Fantascienza, un genere (femminile). Ursula Le Guin. Parte seconda

Si deve ad Harlan Ellison la prima pubblicazione di The Word for World is Forest (letteralmente: La parola per ‘mondo’ è ‘foresta’, con evidente gioco lessicale; titolo della traduzione italiana, del 1977, è Il mondo della foresta): il geniale e controverso autore di science fiction inserì infatti il romanzo breve di Ursula Le Guin (con cui lei vincerà il Nebula Award) nell’antologia da lui curata Again dangerous visions, del 1972.

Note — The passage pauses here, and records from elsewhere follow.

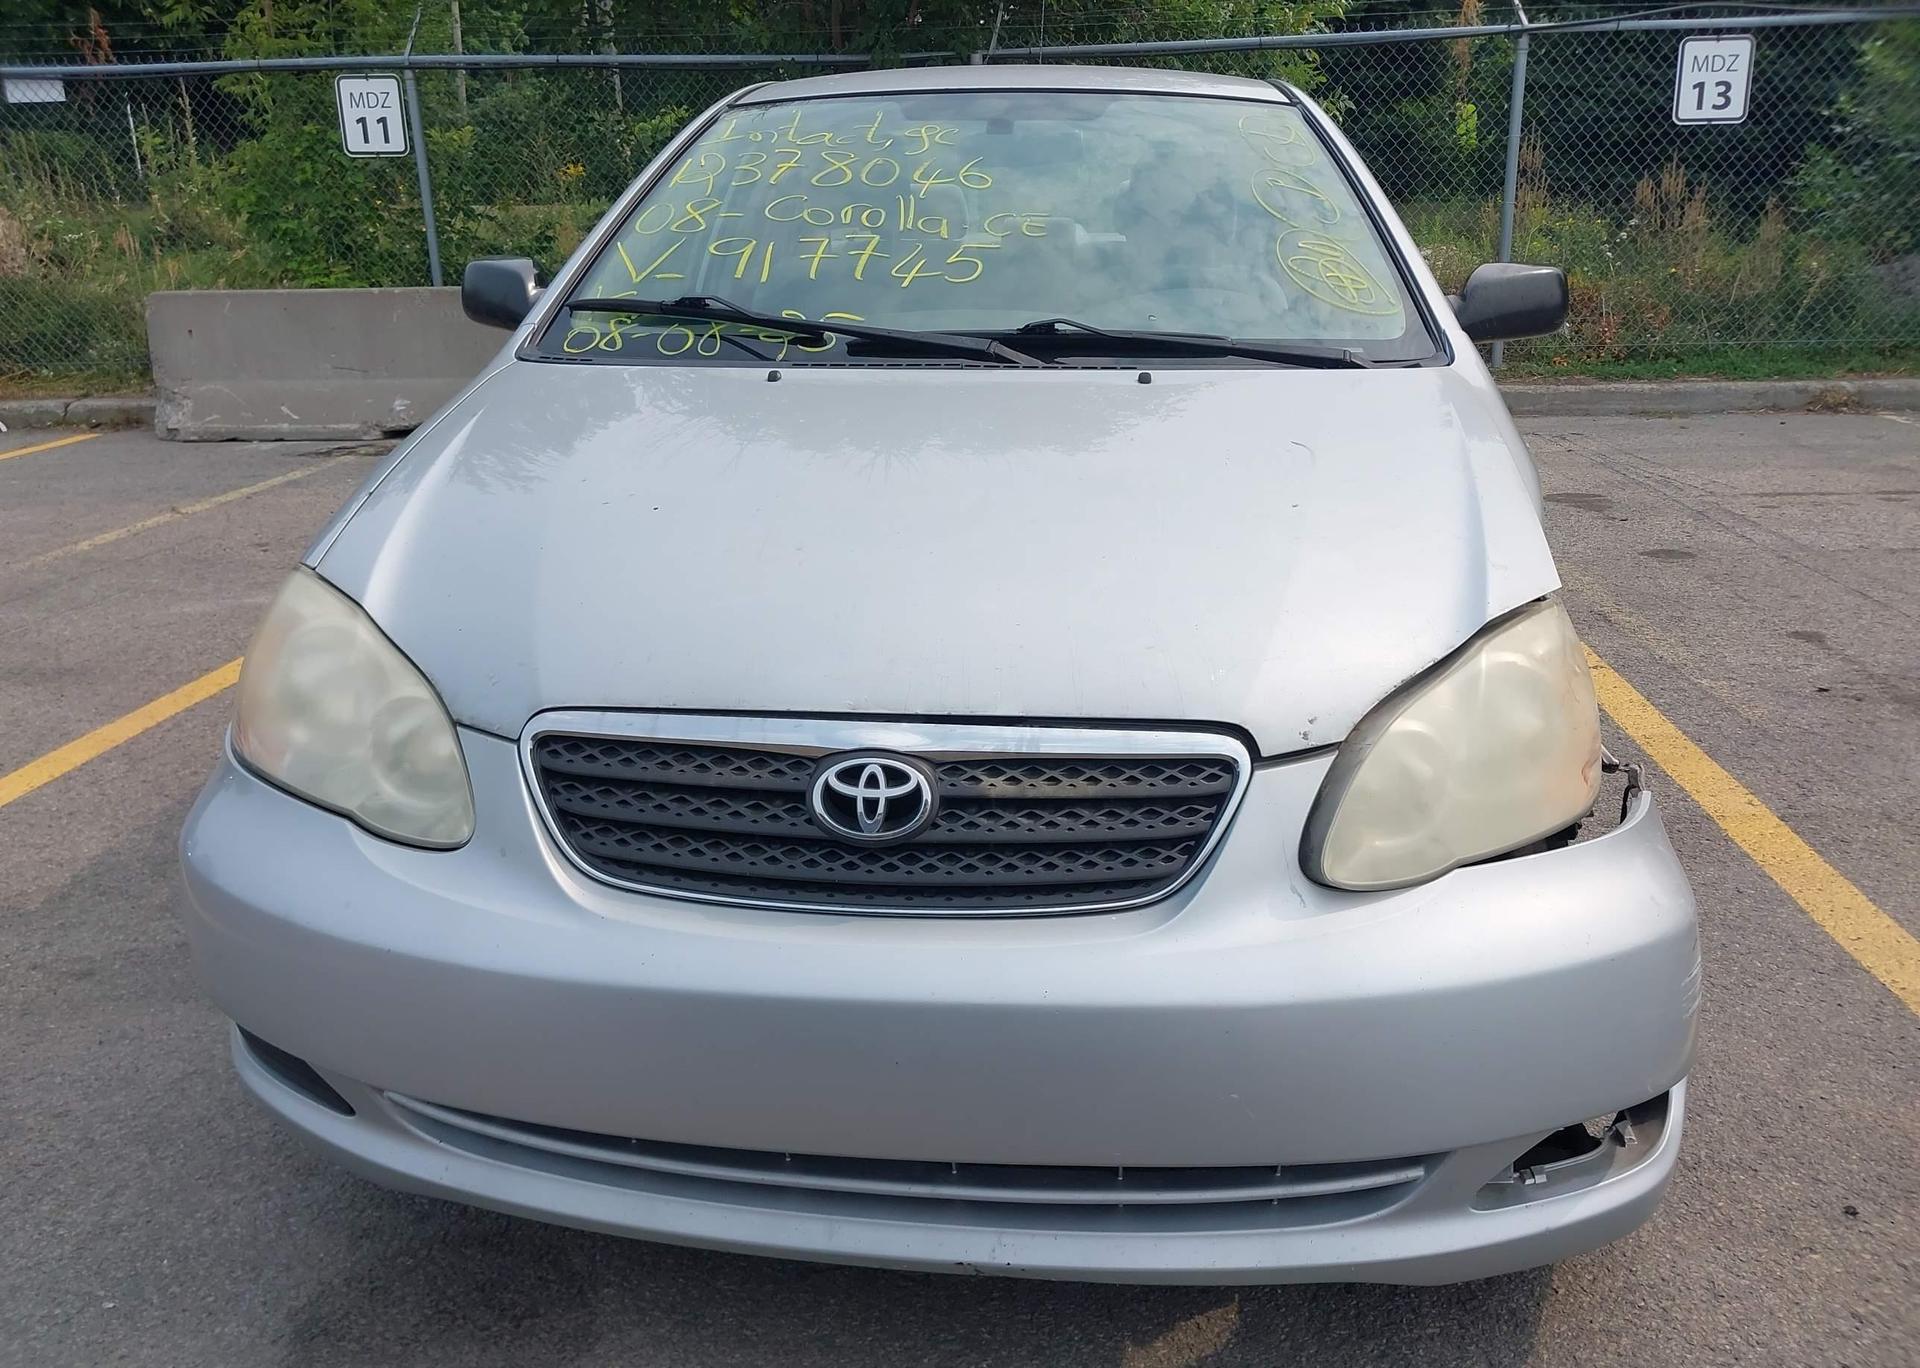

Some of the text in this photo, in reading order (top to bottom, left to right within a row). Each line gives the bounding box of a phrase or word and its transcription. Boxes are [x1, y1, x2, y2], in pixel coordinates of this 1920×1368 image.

[1690, 54, 1740, 73] MDZ
[349, 91, 392, 109] MDZ
[1692, 80, 1732, 110] 13
[355, 116, 390, 144] 11
[764, 194, 949, 239] Corolla
[984, 213, 1050, 238] CE
[708, 234, 1001, 288] 917745
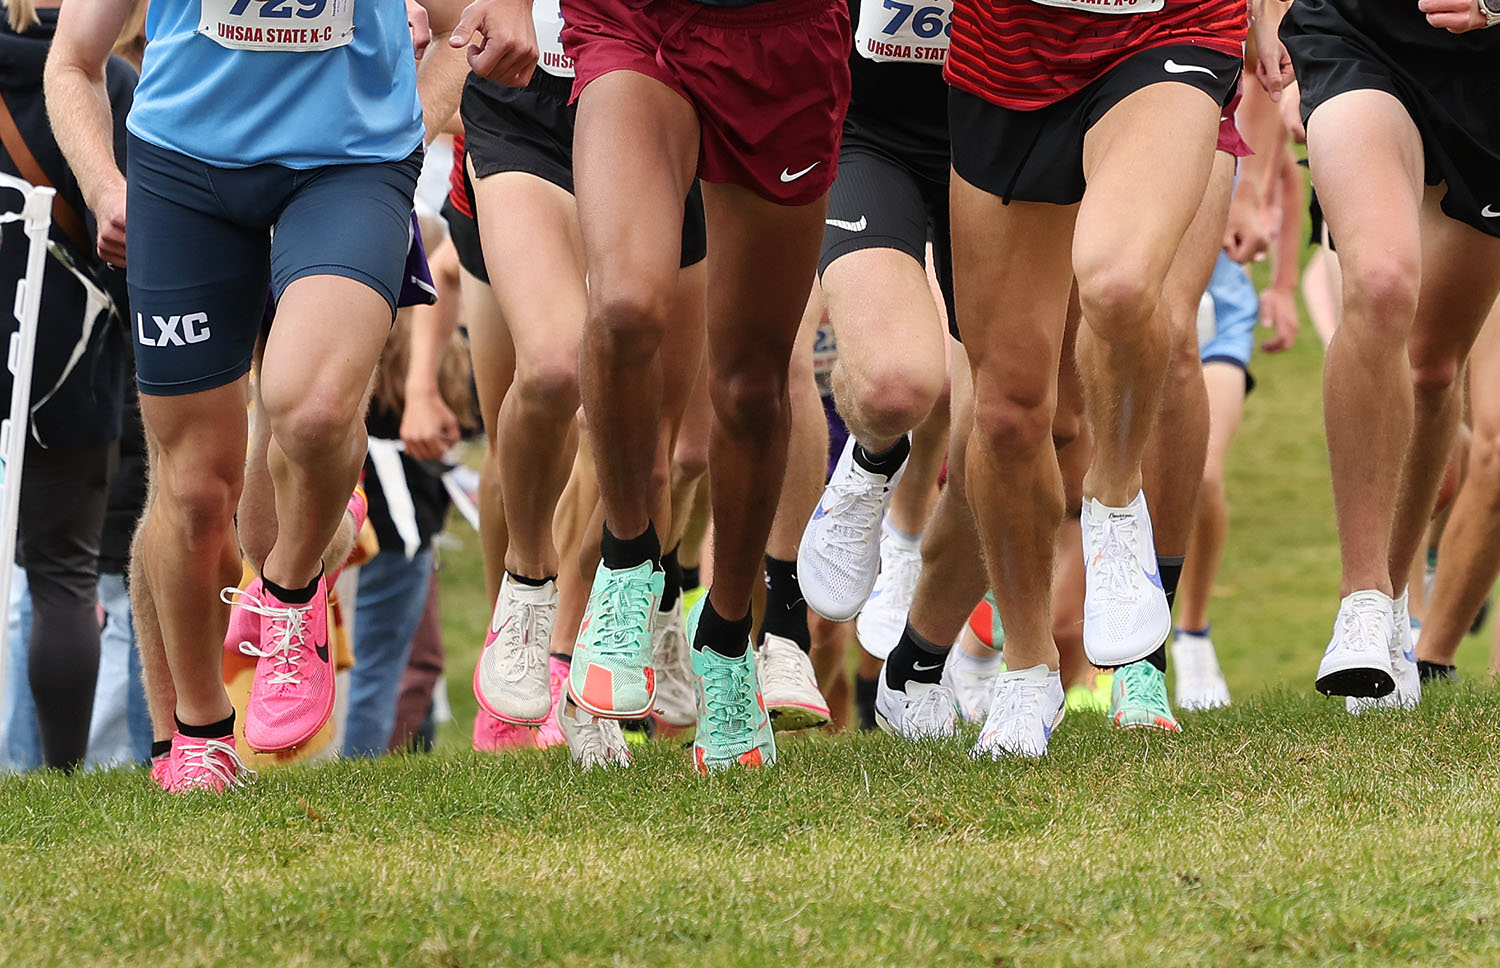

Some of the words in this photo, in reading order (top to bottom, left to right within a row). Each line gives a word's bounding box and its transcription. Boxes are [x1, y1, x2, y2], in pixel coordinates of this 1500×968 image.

[217, 22, 263, 43] UHSAA
[266, 27, 307, 44] STATE
[310, 25, 332, 43] X-C
[867, 37, 911, 60] UHSAA
[914, 46, 950, 60] STAT
[136, 311, 211, 347] LXC
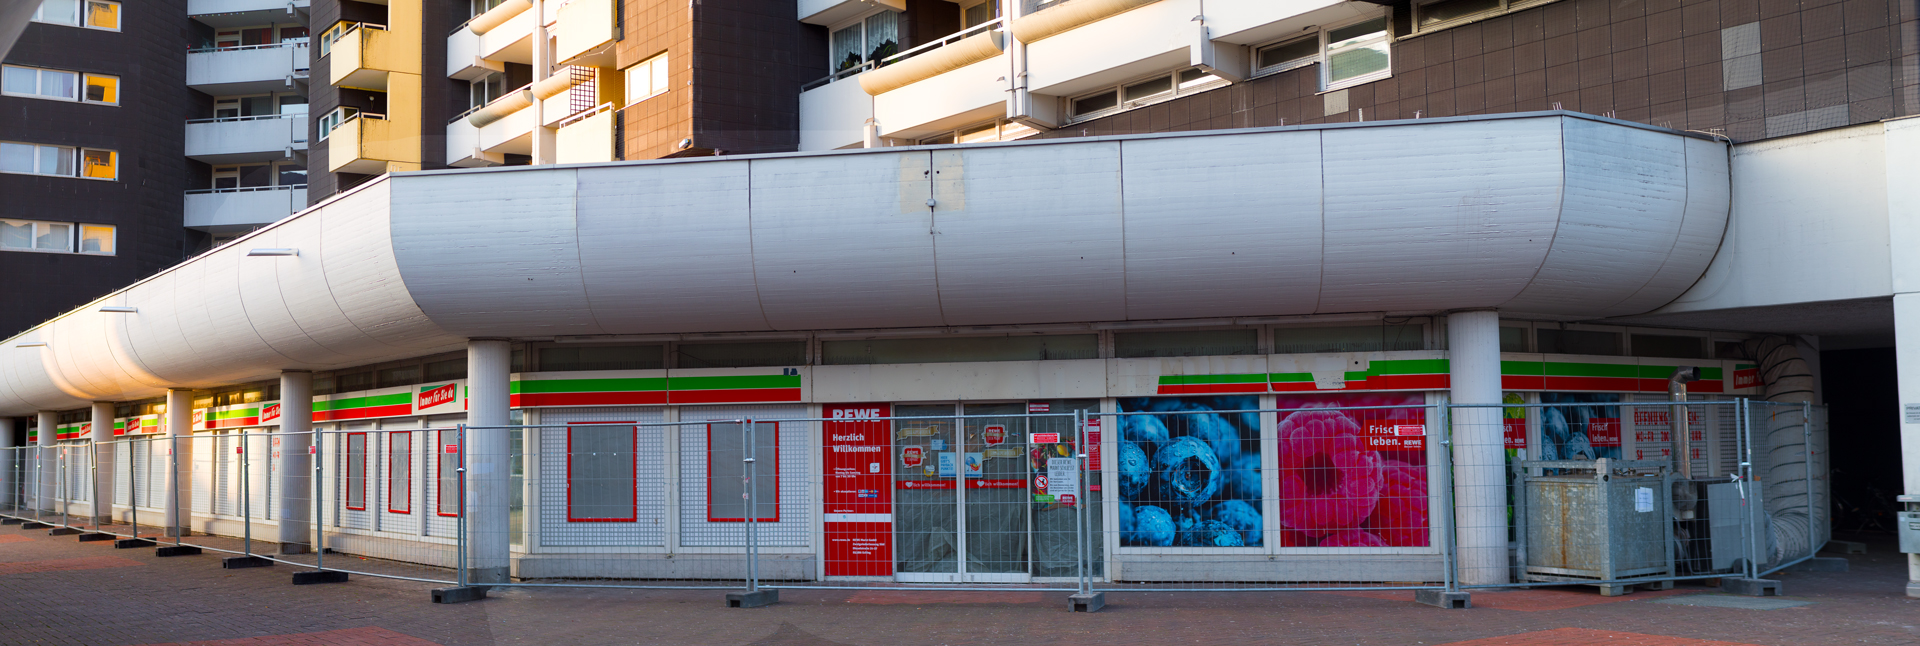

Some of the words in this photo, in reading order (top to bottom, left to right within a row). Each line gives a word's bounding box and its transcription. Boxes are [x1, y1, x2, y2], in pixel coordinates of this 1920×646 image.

[1735, 374, 1755, 386] Immer
[419, 395, 433, 407] Immer
[440, 388, 448, 401] Sie
[447, 386, 454, 398] da
[832, 408, 881, 422] REWE
[1369, 424, 1394, 434] Frisc
[1591, 423, 1608, 431] Frisch
[832, 433, 865, 441] Herzlich
[1369, 436, 1401, 446] leben.
[1591, 433, 1609, 443] leben.
[832, 444, 881, 453] Willkommen

È un libro bellissimo, un assoluto capolavoro, una dolorosa metafora della guerra del Vietnam. Come noto, nel marzo 1965 gli Stati Uniti, guidati dal presidente Lyndon Johnson, intervengono direttamente nella nazione asiatica, con una escalation relativa all’impiego di uomini, armi, mezzi, fino al ripiegamento seguito alla vittoriosa offensiva nordvietnamita del Têt del gennaio 1968, al progressivo ritiro delle forze americane e alla tregua dell’ottobre 1972 (il conflitto, iniziato nel 1955, finirà soltanto tre anni più tardi, nel 1975). La guerra del Vietnam è anche una guerra mediatica: la rivoluzione planetaria del 1968 ne fa l’esempio dell’aggressivo imperialismo del primo mondo nei confronti del terzo, mentre le immagini dei civili vietnamiti in fuga dai villaggi incendiati dal napalm fanno il giro del pianeta (è il caso della celebre fotografia scattata l’8 giugno 1972 che inquadra la bimba Kim Phúk, allora di nove anni, che corre completamente nuda con altri bambini e bambine, il viso stravolto dal dolore e dal pianto, le braccia aperte ustionate). Gli stessi autori e autrici di fantascienza statunitense si schierarono, su Galaxy Science Fiction del giugno 1968, a favore o contro l’intervento in Vietnam: tra questi ultimi Ursula Le Guin.

Fotogramma che ritrae Ursula Le Guin negli anni Settanta, dal documentario
Worlds of Ursula Le Guin di Arwen Curry (Sheffield Doc/Fest 2018)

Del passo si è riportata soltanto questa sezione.